Activity.
With the pictures excluded, repeat every entry exactly.

Records provided.
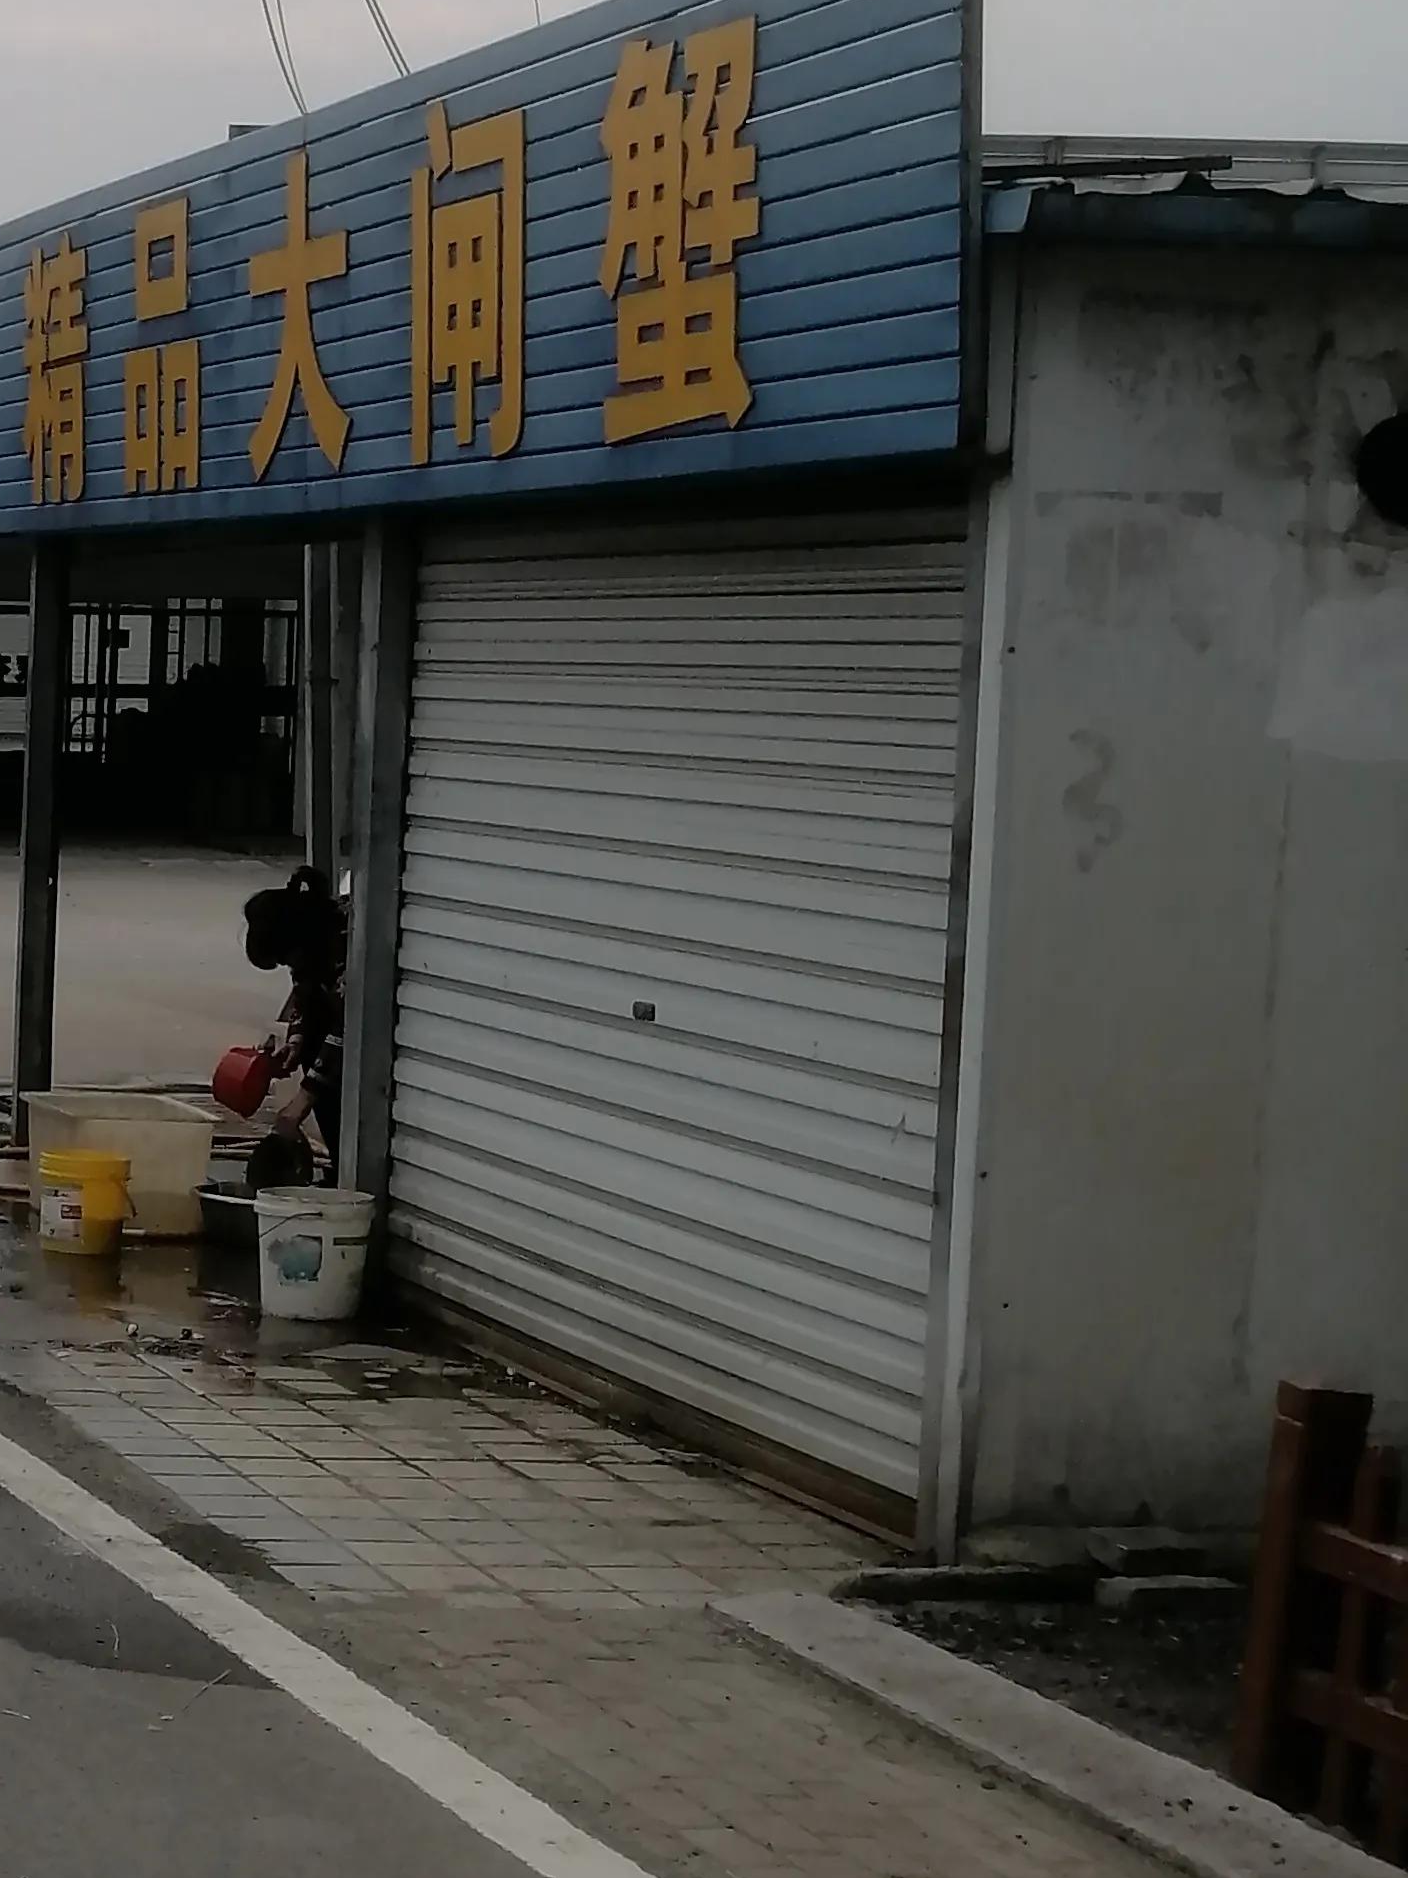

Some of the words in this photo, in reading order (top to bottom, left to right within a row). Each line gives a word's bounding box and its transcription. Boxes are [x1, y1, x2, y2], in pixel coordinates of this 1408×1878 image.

[21, 13, 761, 503] 精品大闸蟹
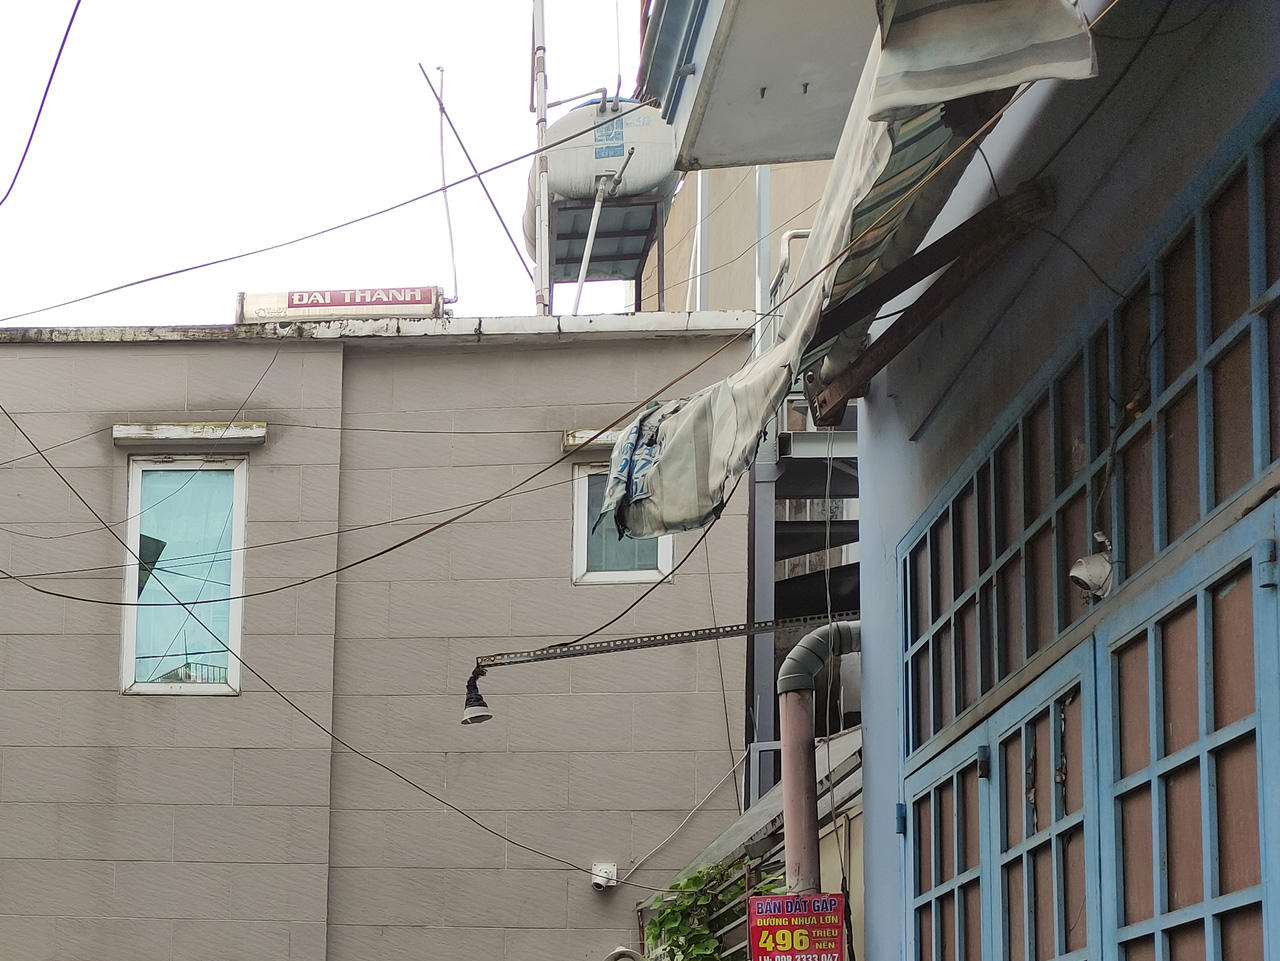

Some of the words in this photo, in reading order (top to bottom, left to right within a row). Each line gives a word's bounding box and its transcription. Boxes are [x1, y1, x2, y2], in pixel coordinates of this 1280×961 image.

[756, 898, 782, 915] BÁN
[785, 894, 808, 913] ĐẤT
[812, 894, 837, 912] GẤP
[758, 929, 810, 951] 496
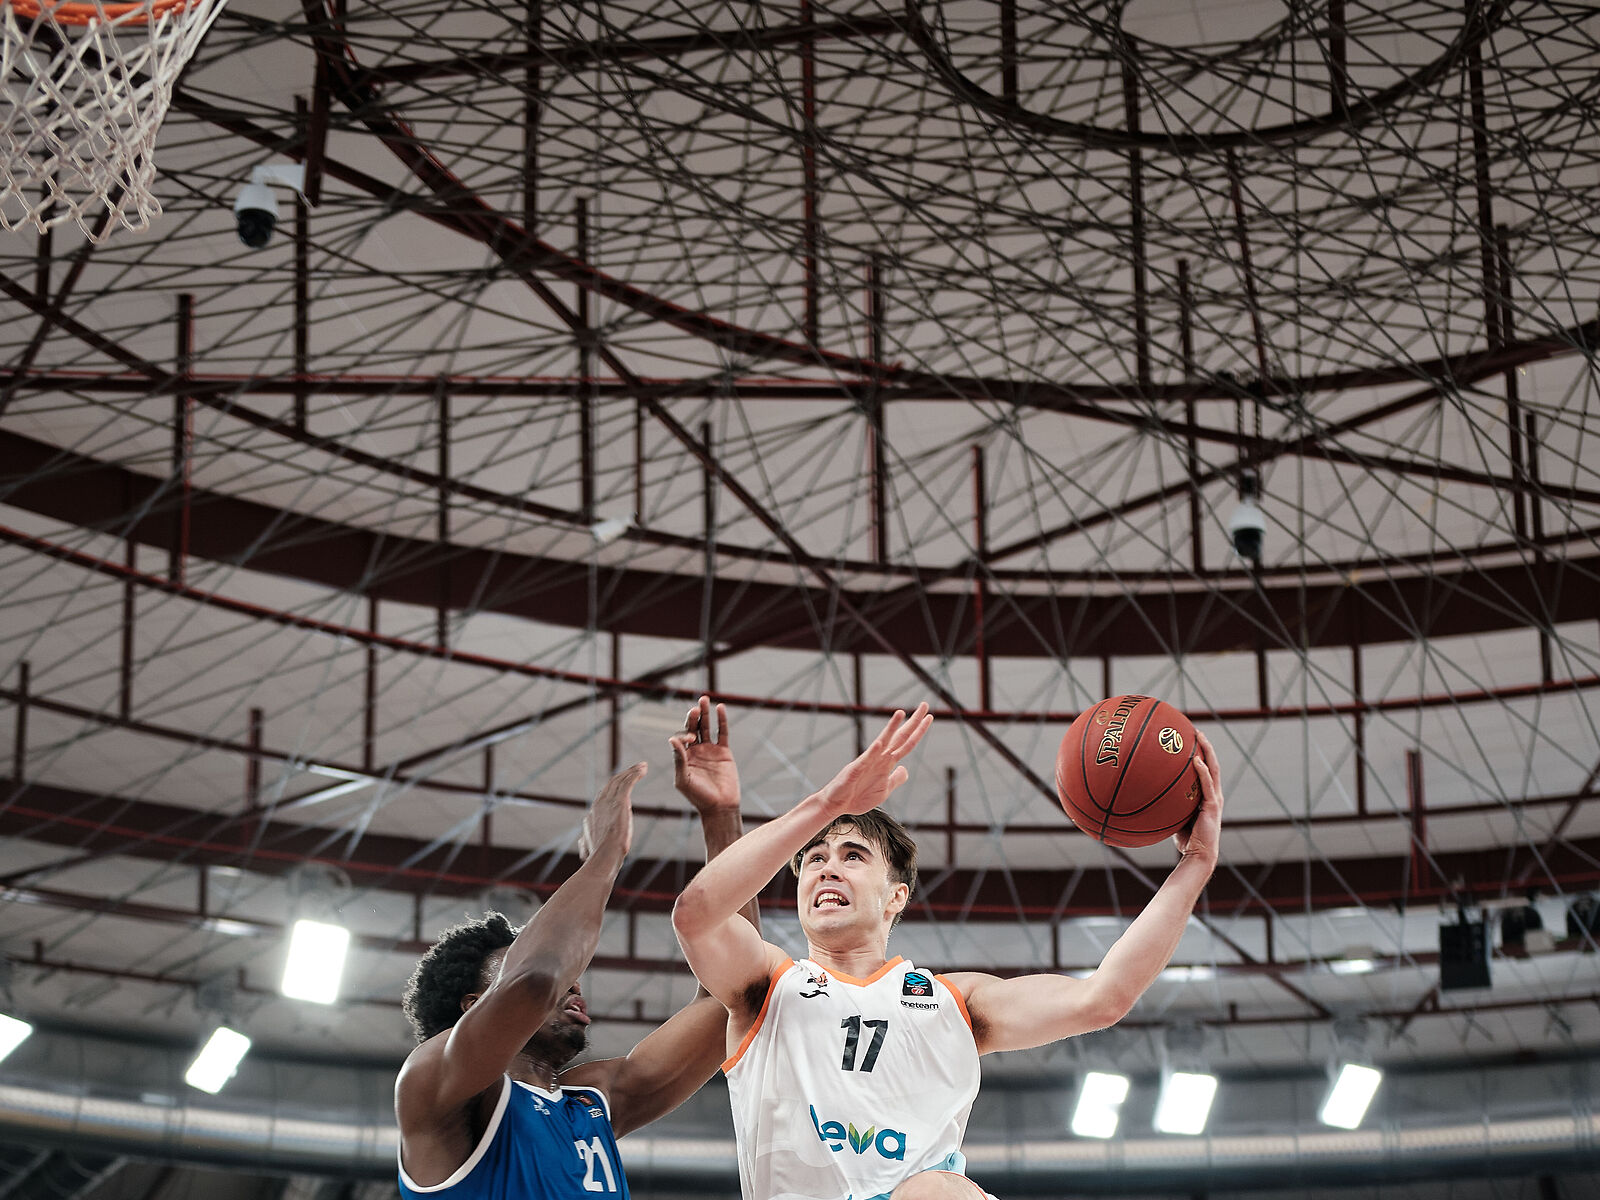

Response to the task.
Some of the words in this photo, in reading order (top to bottom, left to right within a row). Each line gives a word's bounding box and its transcription. Boxes are [x1, y1, x2, y2], in pixel coordinates of this 1408×1878 image.

[21, 13, 761, 503] 精品大闸蟹

Some of the words in this photo, in reading order (top to bottom, left to right within a row). Each line gives a word's bounding box and its transcription. Boxes are [x1, y1, x2, y2], in pixel coordinates of this 1280×961 image.

[756, 898, 782, 915] BÁN
[785, 894, 808, 913] ĐẤT
[812, 894, 837, 912] GẤP
[758, 929, 810, 951] 496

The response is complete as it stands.